Because of COVID-related shutdowns that led to layoffs, and federal policies restricting domestic production, American producers aren’t in a position to ramp up production fast enough to meet the demand or offset worsening inflation-associated costs.
“Unless the Russian petroleum supply shortfall can be contained, it appears necessary for the price of oil to increase substantially and to remain elevated for a long period to eliminate the excess demand for oil,” the Fed economists argue.
If the bulk of energy exports from Russia were to be “off the market for the remainder of 2022, a global economic downturn seems unavoidable,” Killian and Plante wrote.
In addition to these factors, other consequences of sanctions exist. Because nearly 30% of wheat harvested comes from Russia and Ukraine, and a large global share of fertilizer production, the supply of both is expected to be limited.
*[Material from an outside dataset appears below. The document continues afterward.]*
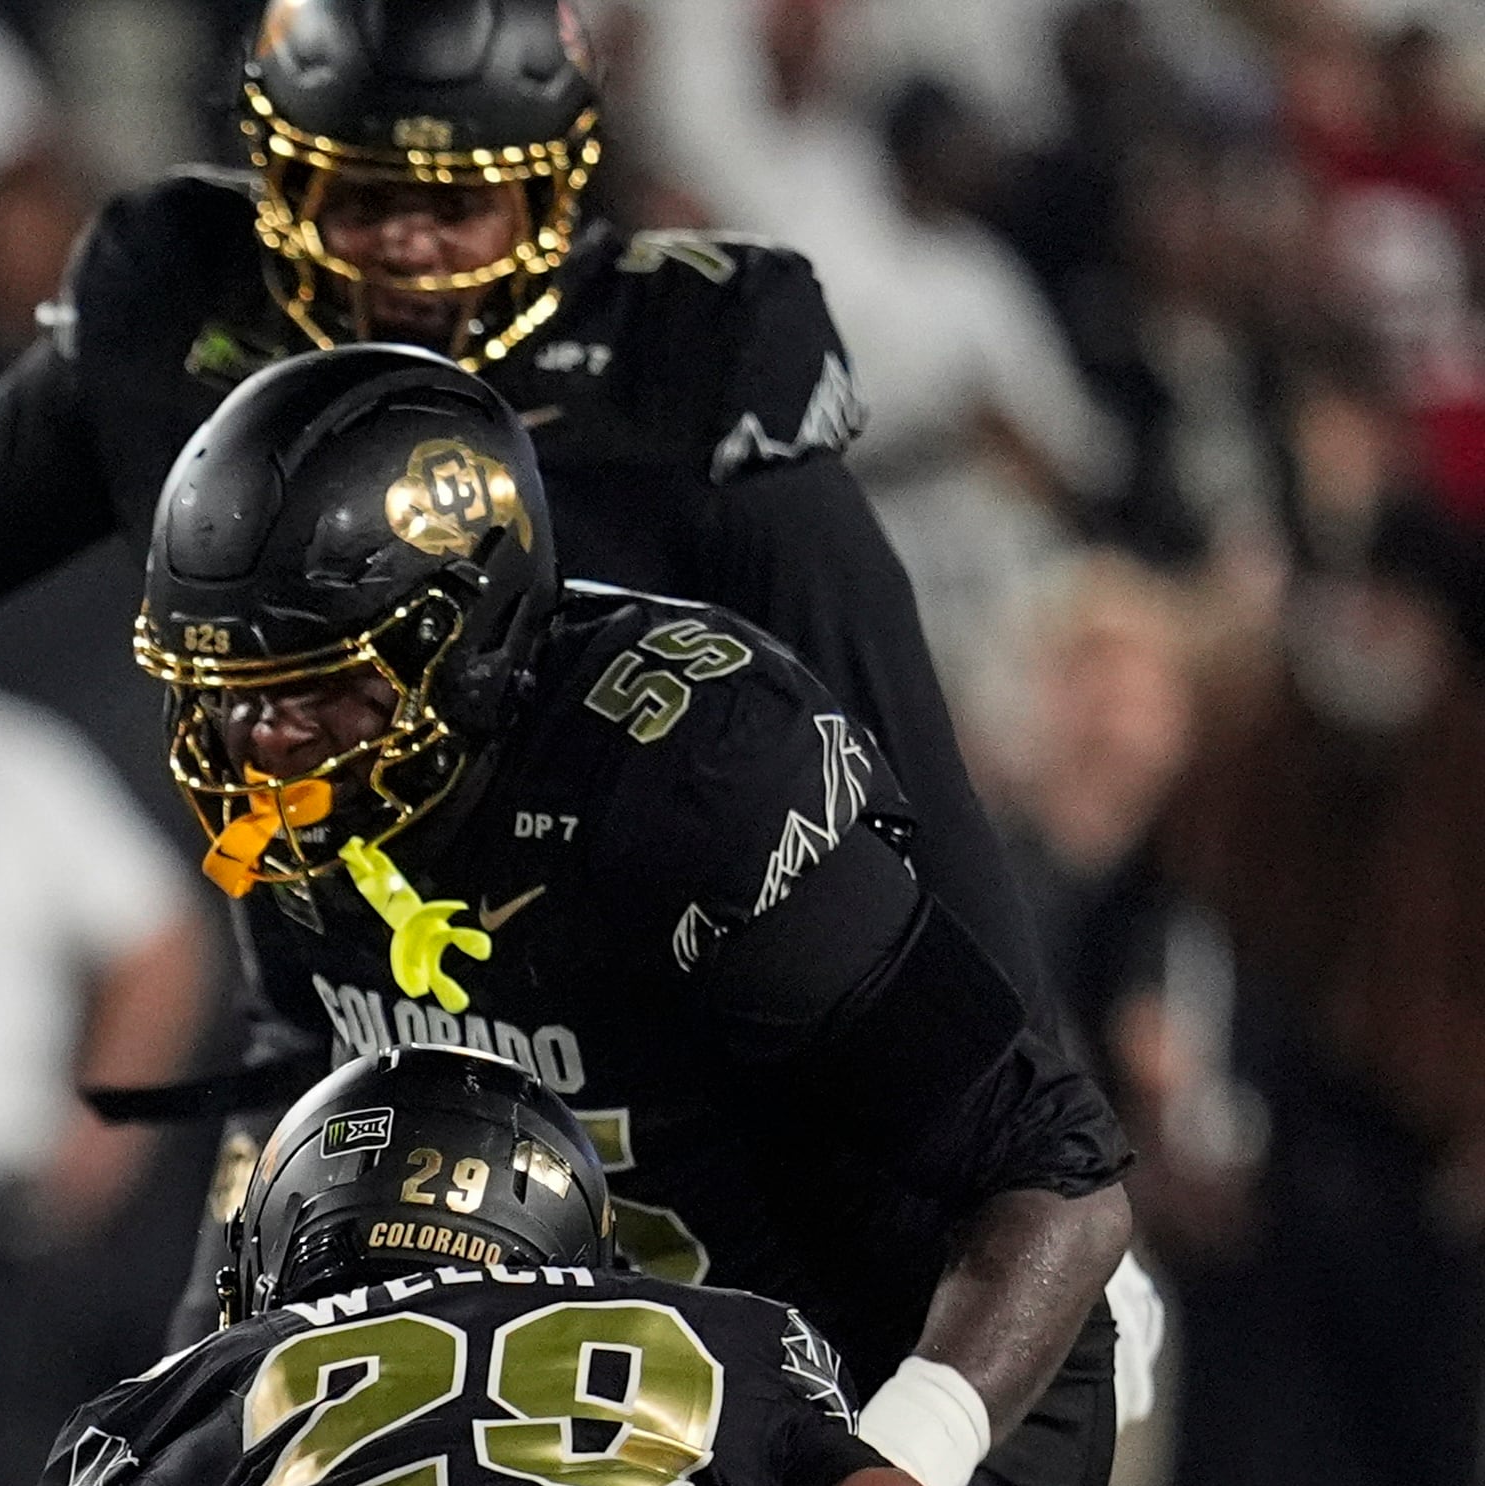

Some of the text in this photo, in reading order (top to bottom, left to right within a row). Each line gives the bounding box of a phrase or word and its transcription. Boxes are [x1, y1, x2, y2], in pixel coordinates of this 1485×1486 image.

“Wheat and fertilizer supplies could be disrupted in 2022 and beyond and make it more costly to put dinner on the table,” they said. Additionally, “the diminished supply, along with a shortage of fertilizer produced from natural gas, will drive up global food prices and reinforce the growth-retarding and inflationary effects of higher fuel prices.”
However, the U.S. may fare better than other countries, Andy Lipow of Houston-based Lipow Oil Associates LLC, told The Center Square.
“The high cost of crude oil and record prices for diesel fuel combined with increases in the price of wheat, corn, soybeans, rising food insecurity, and the higher cost of raw materials such as steel and aluminum may first lead to a recession in Latin America and Southeast Asia where per capita income is far less than in the United States or Europe,” he said. “This could result in slowing economic growth in China and India, raising the risk of a recession in the rest of the world.”